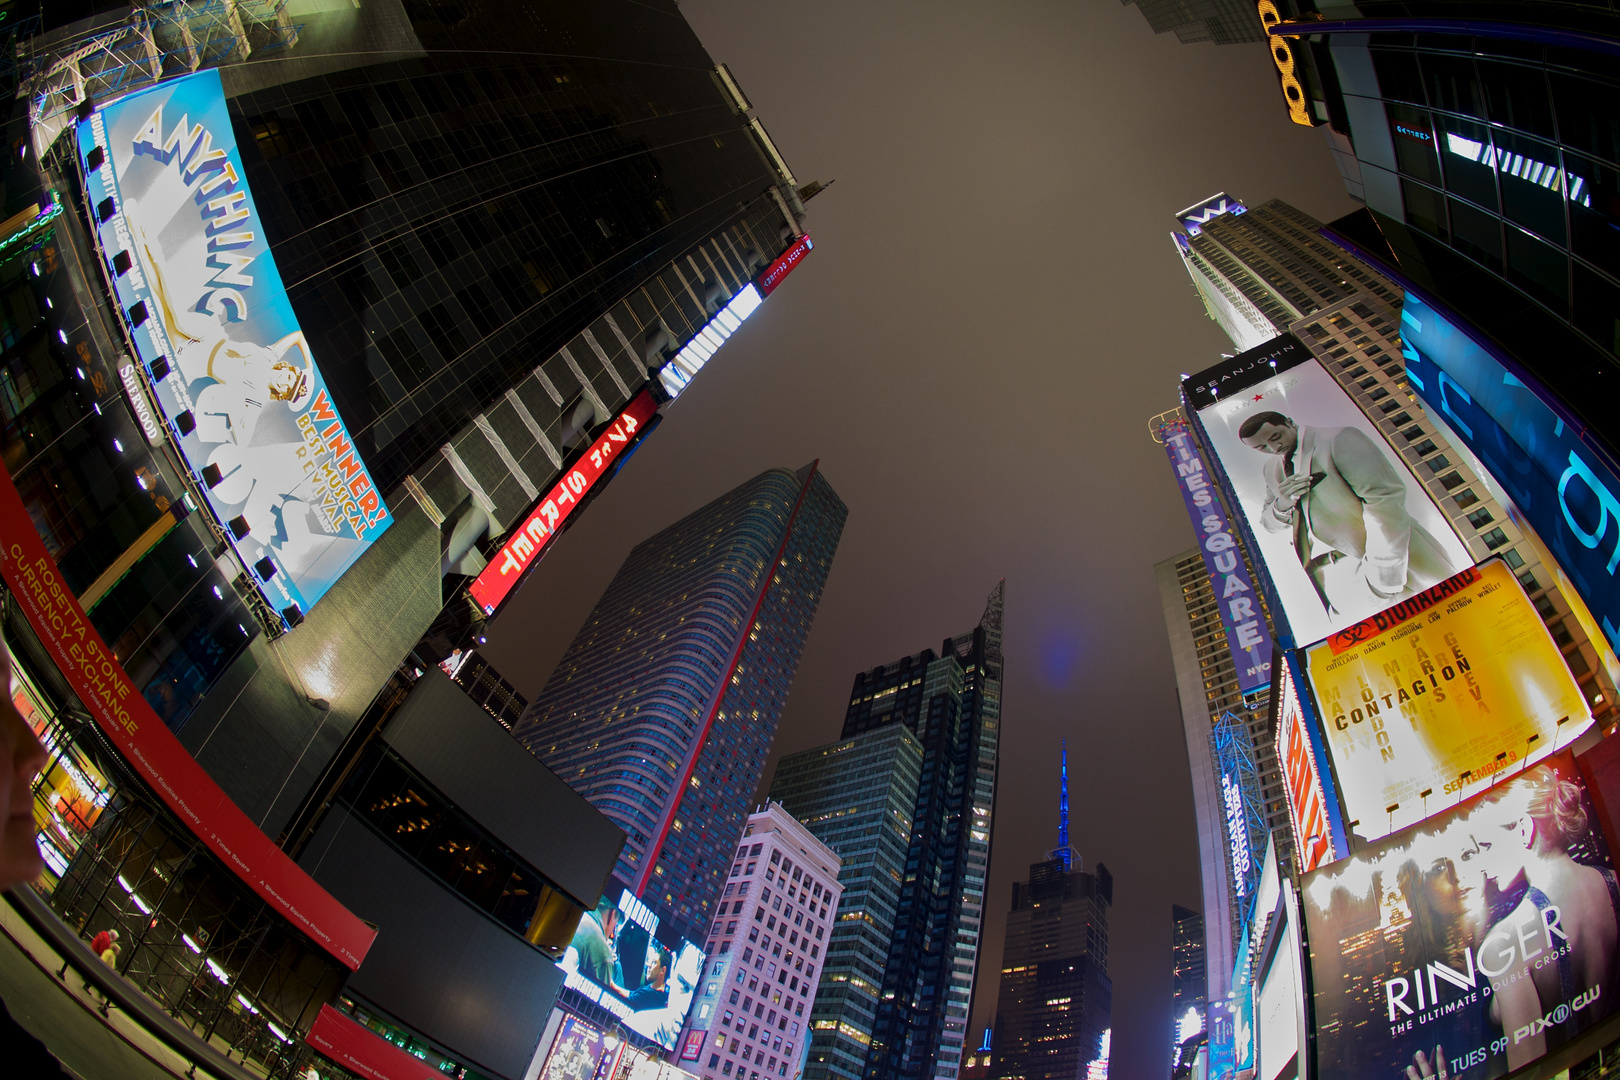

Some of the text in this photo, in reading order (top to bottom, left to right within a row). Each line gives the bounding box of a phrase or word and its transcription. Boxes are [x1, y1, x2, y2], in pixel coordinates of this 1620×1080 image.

[133, 104, 256, 326] ANYTHING
[1185, 199, 1227, 223] W
[119, 363, 159, 442] SHERWOOD
[295, 412, 368, 541] BEST MUSICAL
[295, 446, 346, 534] REVIVAL
[310, 388, 388, 530] WINNER!
[500, 470, 588, 577] STREET
[1201, 513, 1263, 650] SQUARE
[1374, 567, 1476, 632] BIOHAZARD
[1428, 613, 1442, 625] LAW
[1446, 598, 1473, 615] PALTROW
[1477, 582, 1502, 599] WINSLET
[10, 543, 73, 640] CURRENCY
[69, 642, 140, 737] EXCHANGE
[35, 557, 87, 641] ROSETTA
[86, 640, 131, 701] STONE
[1246, 662, 1271, 678] NYC
[1325, 652, 1360, 672] COTILLARD
[1363, 640, 1387, 656] DAMON
[1390, 622, 1424, 643] FISHBURNE
[1408, 633, 1447, 703] PARIS
[1334, 657, 1471, 731] CONTAGION
[1444, 631, 1491, 718] GENEVA
[1356, 674, 1396, 765] LONDON
[18, 580, 40, 616] Sherwood
[37, 613, 56, 642] Equities
[54, 640, 76, 671] Property
[87, 688, 104, 710] Times
[102, 708, 121, 733] Square
[132, 748, 159, 779] Sherwood
[157, 775, 180, 802] Equities
[177, 799, 202, 825] Property
[215, 837, 233, 856] Times
[231, 852, 251, 874] Square
[264, 883, 291, 909] Sherwood
[289, 905, 311, 927] Equities
[309, 923, 332, 943] Property
[345, 950, 361, 965] Times
[1443, 756, 1509, 796] SEPTEMBER
[1509, 750, 1518, 762] 9
[1221, 773, 1245, 897] AMERICAN EAGLE
[1231, 783, 1250, 873] OUTFITTERS
[1385, 904, 1569, 1023] RINGER
[1390, 942, 1573, 1036] THE ULTIMATE DOUBLE CROSS
[1450, 1046, 1487, 1074] TUES
[1490, 1035, 1511, 1056] 9P
* * * * *
Work to be completed: The answer must consist of every line from the records above that holds "Property".

Answer for the task:
[54, 640, 76, 671] Property
[177, 799, 202, 825] Property
[309, 923, 332, 943] Property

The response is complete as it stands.